Opinion
No. 1-13-3634
12-16-2014
NOTICE: This order was filed under Supreme Court Rule 23 and may not be cited as precedent by any party except in the limited circumstances allowed under Rule 23(e)(1).
Petition for Review of an Order of the Illinois Labor Relations, State Panel
No. S-CA-10-167
JUSTICE NEVILLE delivered the judgment of the court.
Presiding Justice Simon and Justice Pierce concurred in the judgment.
ORDER
¶ 1 Held: The parties' waiver of their objections to the arbitrator conferred on the arbitrator the power to preside over the arbitration of the grievance.
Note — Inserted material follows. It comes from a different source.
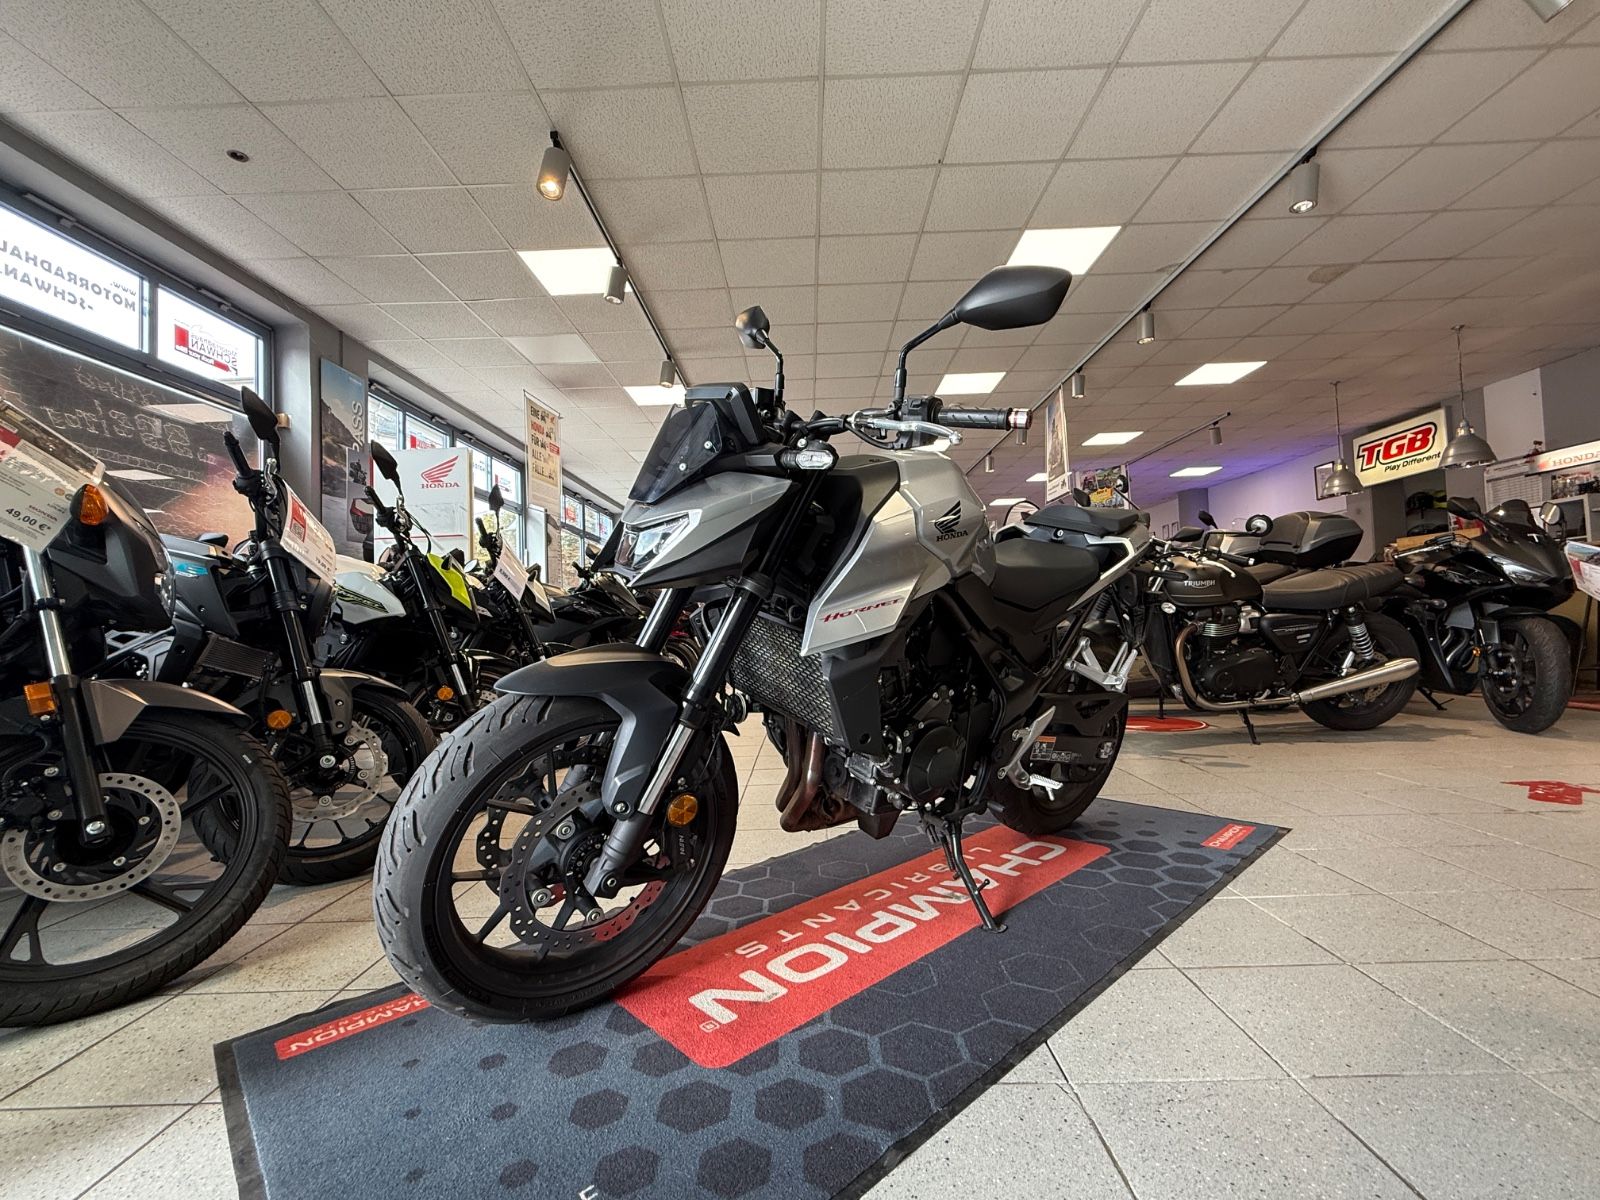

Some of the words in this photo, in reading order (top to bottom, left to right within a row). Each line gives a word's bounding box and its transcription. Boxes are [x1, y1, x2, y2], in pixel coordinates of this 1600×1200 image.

¶ 2 The Metropolitan Alliance of Police, Orland Park Police Chapter No. 159 (MAP), filed an unfair labor practice charge against the Village of Orland Park (Village) concerning the Village's treatment of Officer Joseph McGreal. The Illinois Labor Relations Board (Board) dismissed the charge in accord with an arbitrator's recommendation. McGreal, in this appeal, challenges only the arbitrator's jurisdiction to hear the unfair labor practice charge. We agree with the Board that the parties waived any objection to the arbitrator. Therefore, we affirm the Board's decision.
¶ 3 BACKGROUND
¶ 4 On December 24, 2009, MAP filed with the Board a charge that the Village disciplined McGreal because of his union activities. The Village terminated McGreal's employment in June 2010, and MAP amended its unfair labor practice charge to contest the firing.
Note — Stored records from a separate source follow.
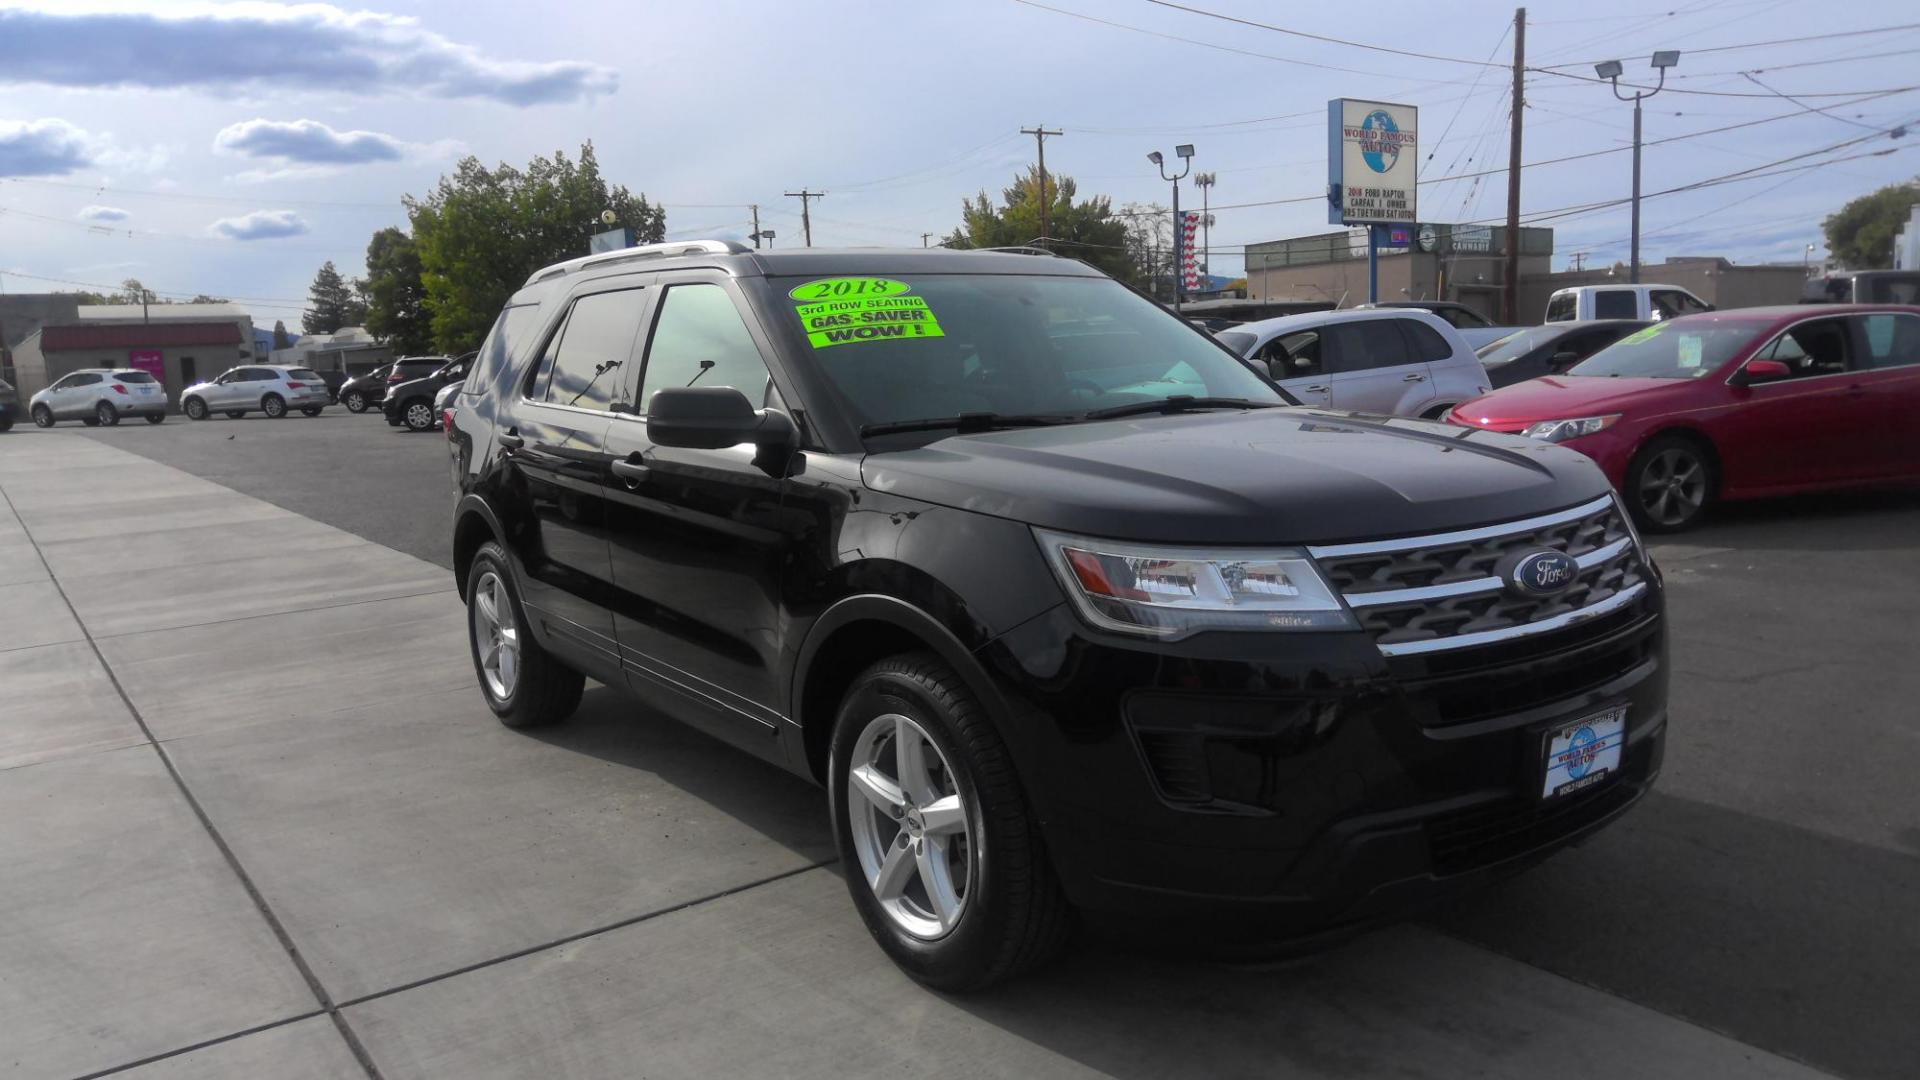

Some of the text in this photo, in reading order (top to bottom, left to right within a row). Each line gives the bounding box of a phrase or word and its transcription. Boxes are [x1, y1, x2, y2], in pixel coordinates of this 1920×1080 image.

[1344, 128, 1415, 143] WORLD FAMOUS
[1361, 141, 1399, 154] AUTOS
[1365, 188, 1380, 198] FORD
[1382, 189, 1405, 199] RAPTOR
[1351, 198, 1374, 208] CARFAX
[1387, 200, 1406, 209] OWNER
[815, 279, 889, 298] 2018
[801, 298, 924, 316] 3rd ROW SEATING
[810, 309, 925, 329] GAS-SAVER
[825, 325, 905, 342] WOW
[1536, 558, 1570, 586] Ford
¶ 5 On July 22, 2010, the Board's executive director deferred further proceedings on the charge pending arbitration, in accord with the grievance procedure established in the collective bargaining agreement between MAP and the Village. In the written order, the executive director said,
"Within 15 days after the termination of the contractual procedure, Charging Party may request that the Board reopen the case for the purpose of resolving any substantial issues left unresolved by the grievance procedure or proceed with the charge on the basis that the award is contrary to the policies underlying the Act. If Charging Party fails to make such a request within the time specified, the Board may dismiss this charge upon request of Respondent or on its own motion."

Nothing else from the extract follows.